Given the longitudinal cognitive measures at multiple time points for each subject, we learn informative and compact representations to encode the subject’s overall longitudinal cognitive performance and its temporal changes/trajectory across multiple time points. The LSTM autoencoder [20] provides an ideal tool for achieving this goal. The architecture of the LSTM autoencoder adopted in this study is illustrated in Fig. 1. It contains two parts, encoder and decoder. The encoder receives the input data of multiple time points and handles the encoding of input measures and their temporal dynamics between consecutive time points. The decoder is utilized to reconstruct the input measures at different time points step by step in a reverse order, based on the learned representations by the encoder. While the network is optimized to minimize the deviation between the reconstructed and input measures, the learned representation by the encoder is expected to characterize the overall cognitive performance and its dynamics of the input longitudinal measures.

Fig. 1.

Fig. 1.

LSTM autoencoder for longitudinal feature extraction.

As illustrated in Fig. 1, our autoencoder contains 2 LSTM layers for the encoder and decoder respectively. ft and f˜t are the input and reconstructed cognitive measures at time point t (t=1,2,3 for illustration), Wei are the trainable parameters of the i -th LSTM layer of the encoder, and Wdi are the trainable parameters of the i-th LSTM layer of the decoder. The trainable parameters are those involved in the forget gate, input gate, cell state and hidden state within one LSTM layer. Euclidean distance between the reconstructed and input measures is used as the objective function to optimize the trainable parameters. The number of LSTM layers was chosen to achieve generalizable performance with a small number of trainable parameters.

In this study, the autoencoder of cognitive measures was built on longitudinal cognitive measures of subjects from ADNI-1 cohort. Once the autoencoder was obtained, the encoder was then applied to all the MCI patients from ADNI-1 and GO&2 cohorts to extract their latent features from longitudinal cognitive measures, which were then used for the following prognostic analysis.

2.3. Prognostic modeling

Given the latent representations of longitudinal cognitive information, they were combined with baseline hippocampal MRI based measures to build a prognostic model using Cox regression [21].

Particularly, cognitive measures including ADAS-Cog13, RAVLT immediate, RAVLT learning, FAQ, and MMSE were used to learn LSTM encoded cognitive measures. Imaging features from baseline hippocampal MRI data was extracted as an imaging based risk of progression to AD using a deep learning based prognostic framework [22]. Age, gender, education years, and APOEε4 status at baseline were used as covariates in the modeling.

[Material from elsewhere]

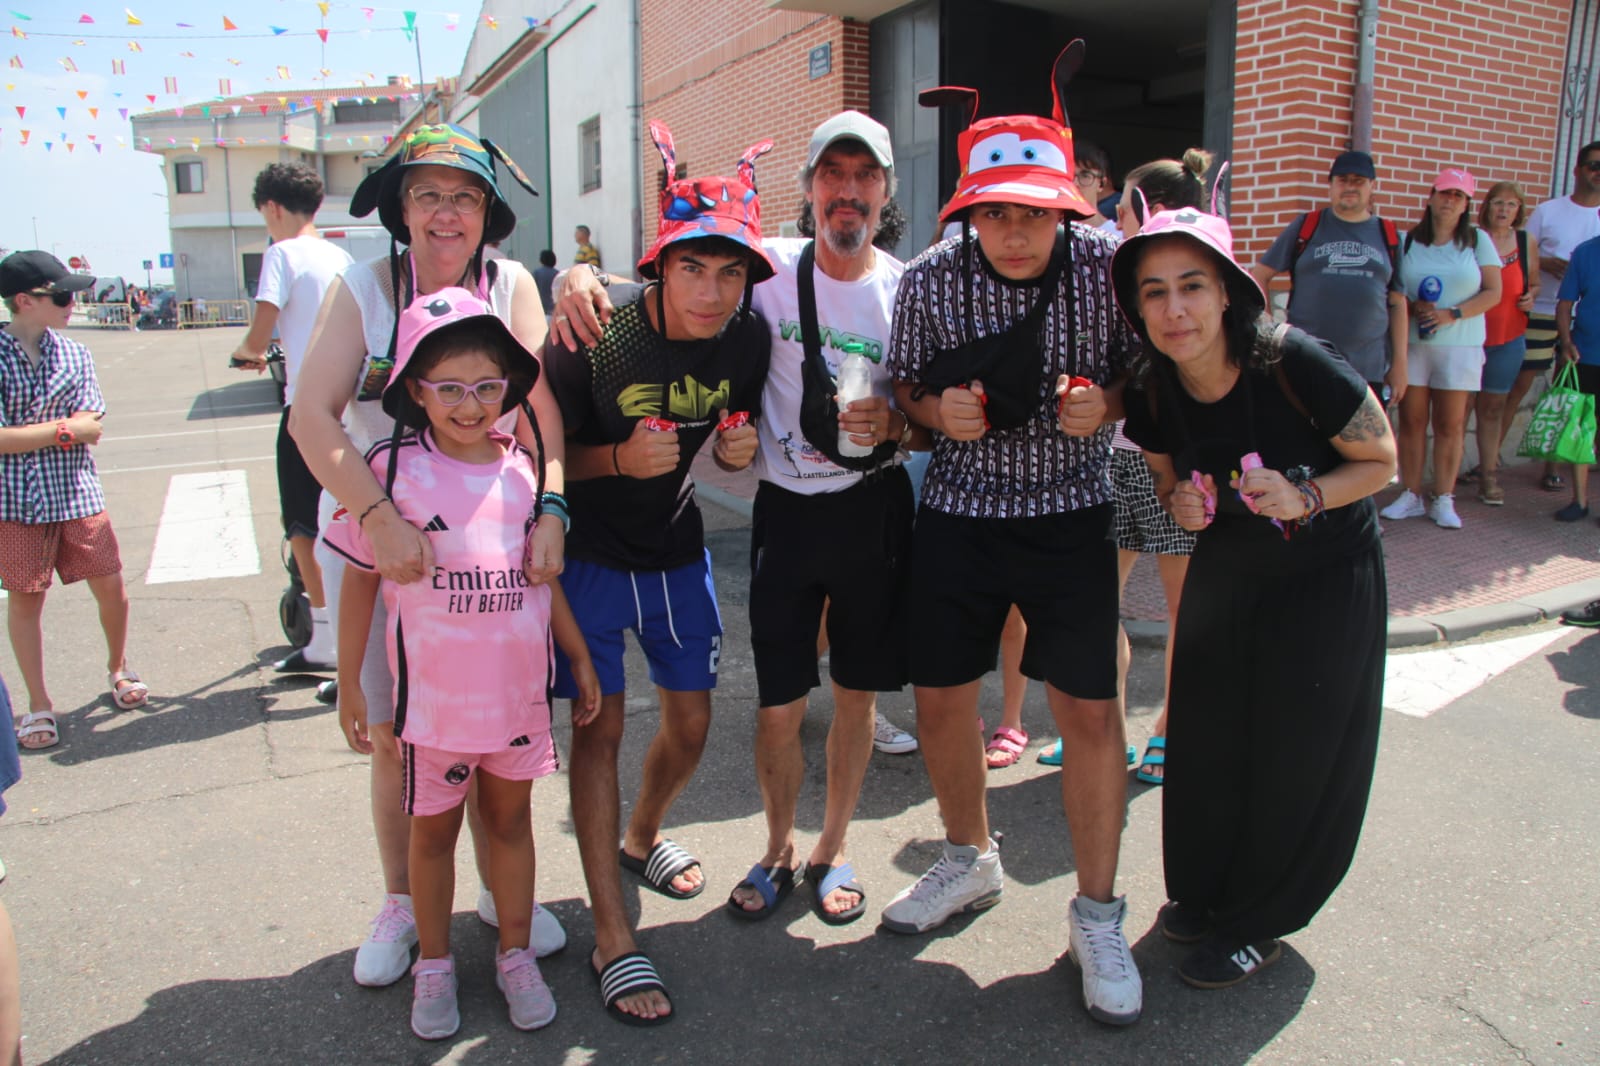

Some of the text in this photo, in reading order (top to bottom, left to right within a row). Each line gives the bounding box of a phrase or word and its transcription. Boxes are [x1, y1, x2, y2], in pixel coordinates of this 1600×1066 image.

[432, 564, 529, 590] Emirate
[448, 592, 524, 613] FLY BETTER

Cox regression model was built on data of MCI subjects of ADNI-1, and its prognostic performance was evaluated based on the data of MCI subjects of ADNI-GO&2. The schematic illustration of the prognostic modeling is illustrated in Fig. 2. We built prediction models on longitudinal cognitive data of the first 2 and 3 time points separately (within 1-year follow-up) along with the baseline hippocampal imaging based measures.

Fig. 2.

Fig. 2.

Schematic diagram of the time-to-event prognosis model.

3. RESULTS

3.1. Experimental setting

We implemented the LSTM autoencoder using Tensorflow. Two LSTM layers were adopted as shown in Fig. 1, and the number of hidden nodes in each LSTM layer was set to 5 (the dimension of the LSTM encoded cognitive measures, the same as the number of input cognitive measures at each time point). Adam optimization technique was adopted to optimize the autoencoder, with a base learning rate set to 0.01 and updated using a stepwise policy by dropping the learning rate by a factor of 0.1 after every 20000 iterations. The maximum iteration number of the training procedure was set to 100000, and the batch size was set to 64. The autoencoder was trained on a Nvidia Titan Xp graphics processing unit (GPU).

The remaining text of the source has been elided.